**DESCRIPTION OF THE TASK:** Your copy should repeat each record exactly and contain none of the pictures.

(Image-backed grounding data)
====

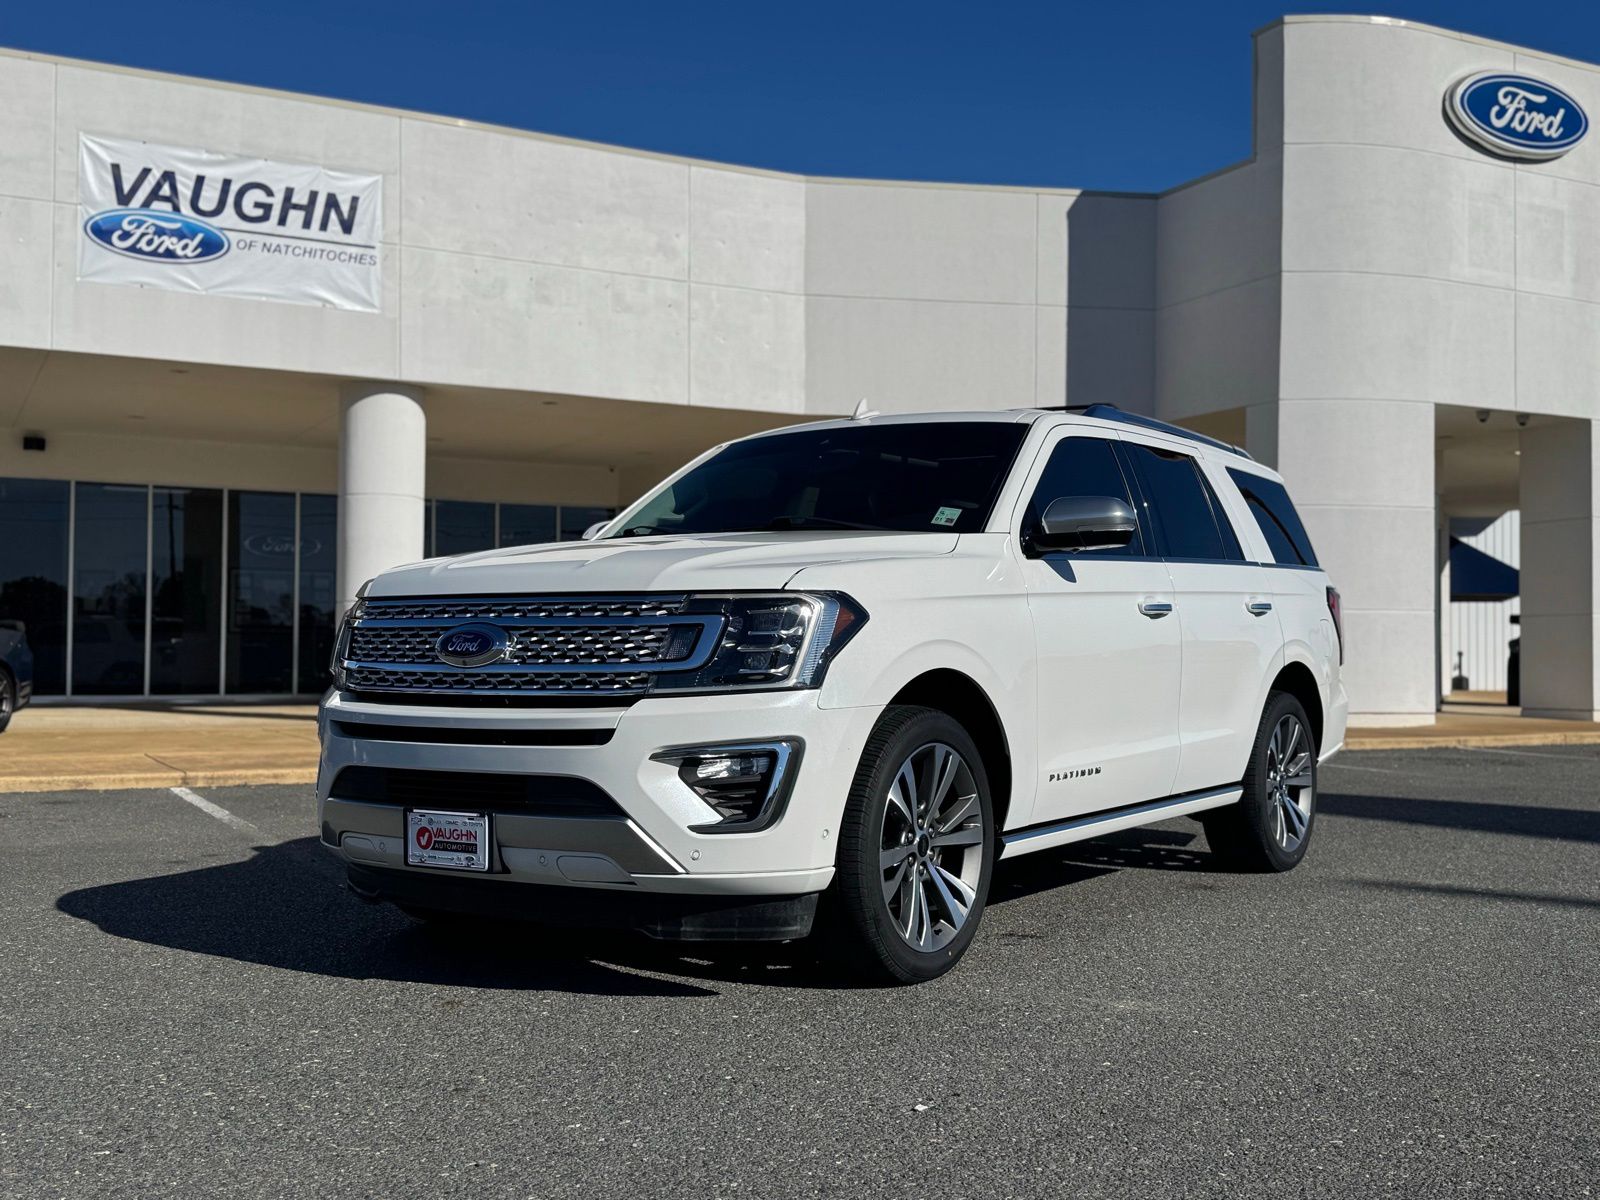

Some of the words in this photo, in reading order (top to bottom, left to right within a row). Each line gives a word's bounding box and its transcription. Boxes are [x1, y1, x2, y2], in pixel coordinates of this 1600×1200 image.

[1489, 86, 1566, 139] Ford
[110, 162, 360, 236] VAUGHN
[111, 214, 203, 259] Ford
[236, 238, 258, 252] OF
[261, 241, 378, 267] NATCHITOCHES
[447, 633, 482, 652] Ford
[1048, 766, 1102, 783] PLATINUM
[431, 827, 478, 842] VAUGHN
[434, 842, 477, 852] AUTOMOTIVE
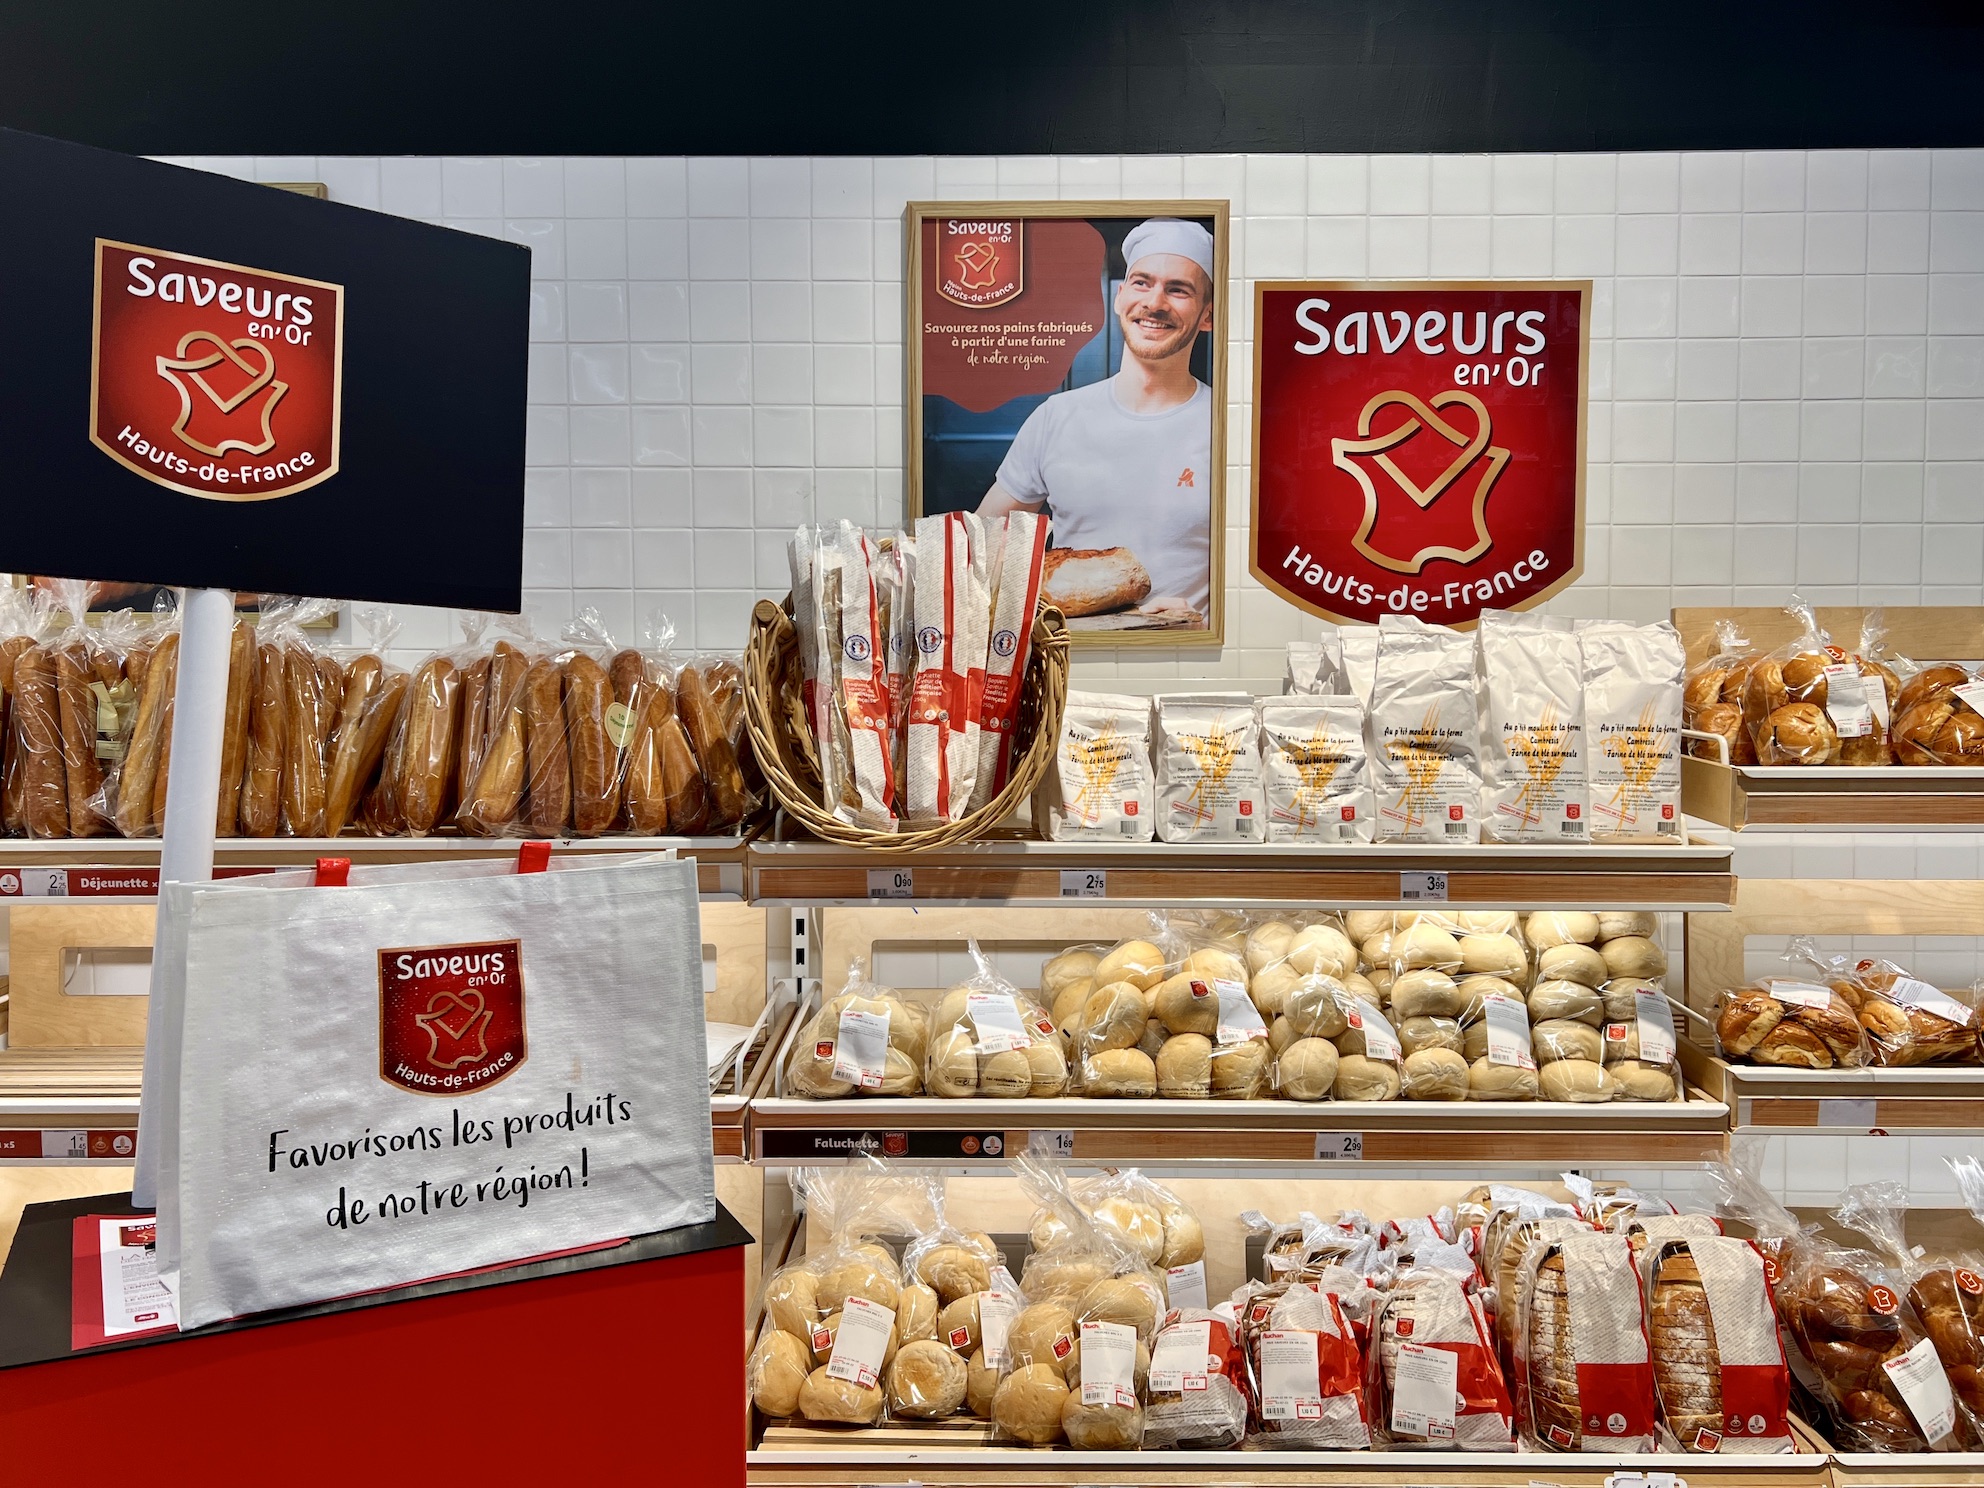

====

**EXERCISE ANSWER:**
Some of the words in this photo, in reading order (top to bottom, left to right within a row). Each line gives a word's bounding box and its transcription. Boxes are [x1, y1, x2, y2], in pixel coordinates of this 1600×1200 image.

[1489, 86, 1566, 139] Ford
[110, 162, 360, 236] VAUGHN
[111, 214, 203, 259] Ford
[236, 238, 258, 252] OF
[261, 241, 378, 267] NATCHITOCHES
[447, 633, 482, 652] Ford
[1048, 766, 1102, 783] PLATINUM
[431, 827, 478, 842] VAUGHN
[434, 842, 477, 852] AUTOMOTIVE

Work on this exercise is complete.